Autonomic Cardiovascular Responses to Heme Oxygenase Inhibition in Conscious Rats

Abstract

Carbon monoxide (CO) is produced in the course of heme degradation from biliverdin by heme oxygenase (HO) in various tissues, including the central nervous system. Recent studies suggest the inhibition of HO activity increases arterial pressure mediated by the autonomic nervous system. The present study was designed to investigate the autonomic regulation of cardiovascular responses to inhibition of endogenous CO production by the HO inhibitor Zinc deuteroporphyrin 2, 4-bis glycol (ZnDPBG) by using direct sympathetic nerve recordings in conscious, chronically instrumented rats. ZnDPBG induced increases in mean arterial pressure (MAP) (P<0.05) and renal sympathetic nerve activity (RSNA) (P<0.05) but no significant change in heart rate (P>0.05) in intact rats.

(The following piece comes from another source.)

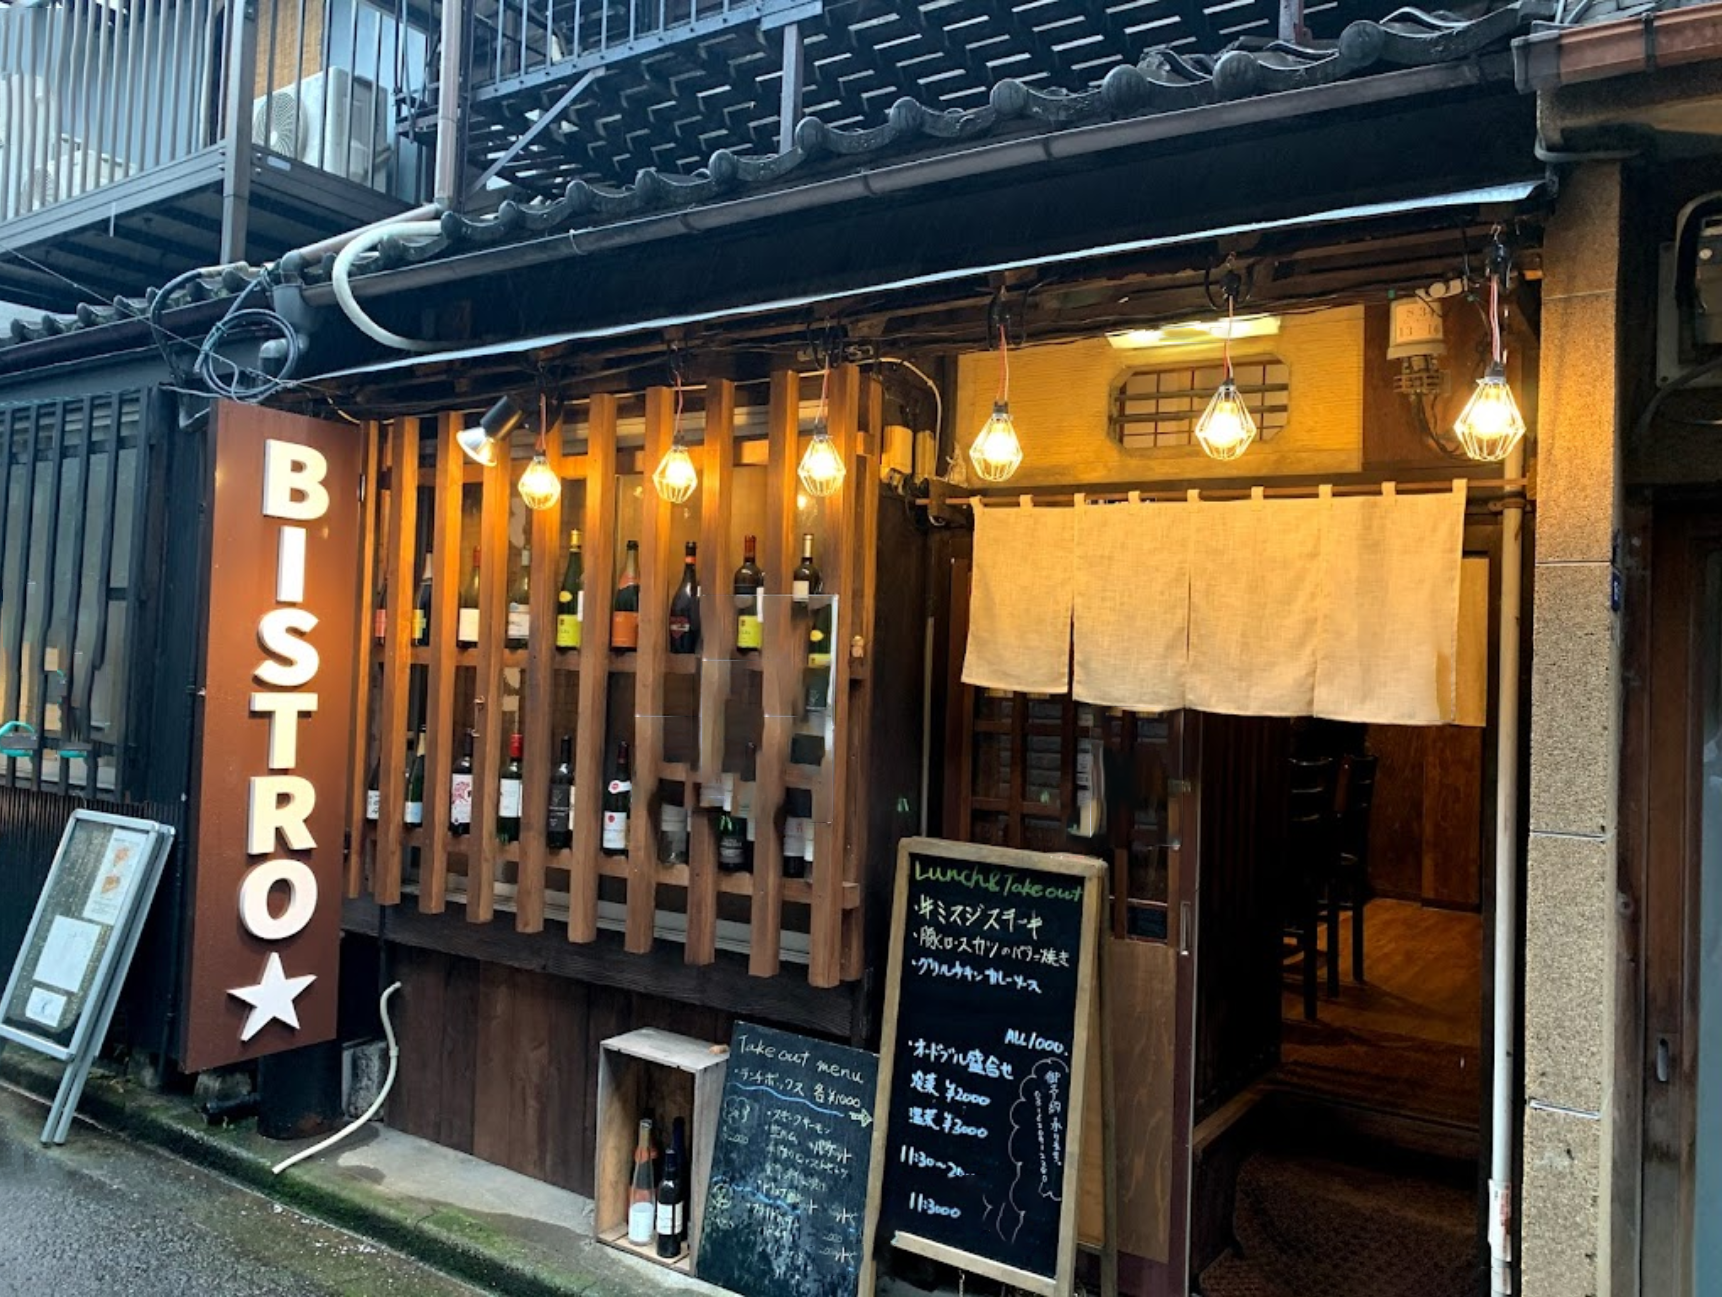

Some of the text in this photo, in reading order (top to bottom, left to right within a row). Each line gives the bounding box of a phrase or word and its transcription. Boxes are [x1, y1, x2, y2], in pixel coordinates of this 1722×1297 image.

[239, 439, 331, 941] BISTRO
[738, 1034, 865, 1085] Take out menu

In atropine-treated rats, ZnDPBG also induced increases in MAP (P<0.05) and RSNA (P<0.05) but no change in heart rate (P>0.05). In sinoaortic denervated rats, ZnDPBG induced increases in MAP (P<0.05), heart rate (P<0.05), and RSNA (P<0.05). ZnDPBG shifted the baroreflex curve for RSNA upward and to the right, which was characterized by increases in the maximum and minimum response and midpoint pressure without altering the maximum gain. These results indicate that inhibition of HO activity within the central nervous system causes sympathoexcitation, resulting in an increase in arterial pressure. We conclude that the CO/HO system plays an important role in cardiovascular regulation by modulating sympathetic tone.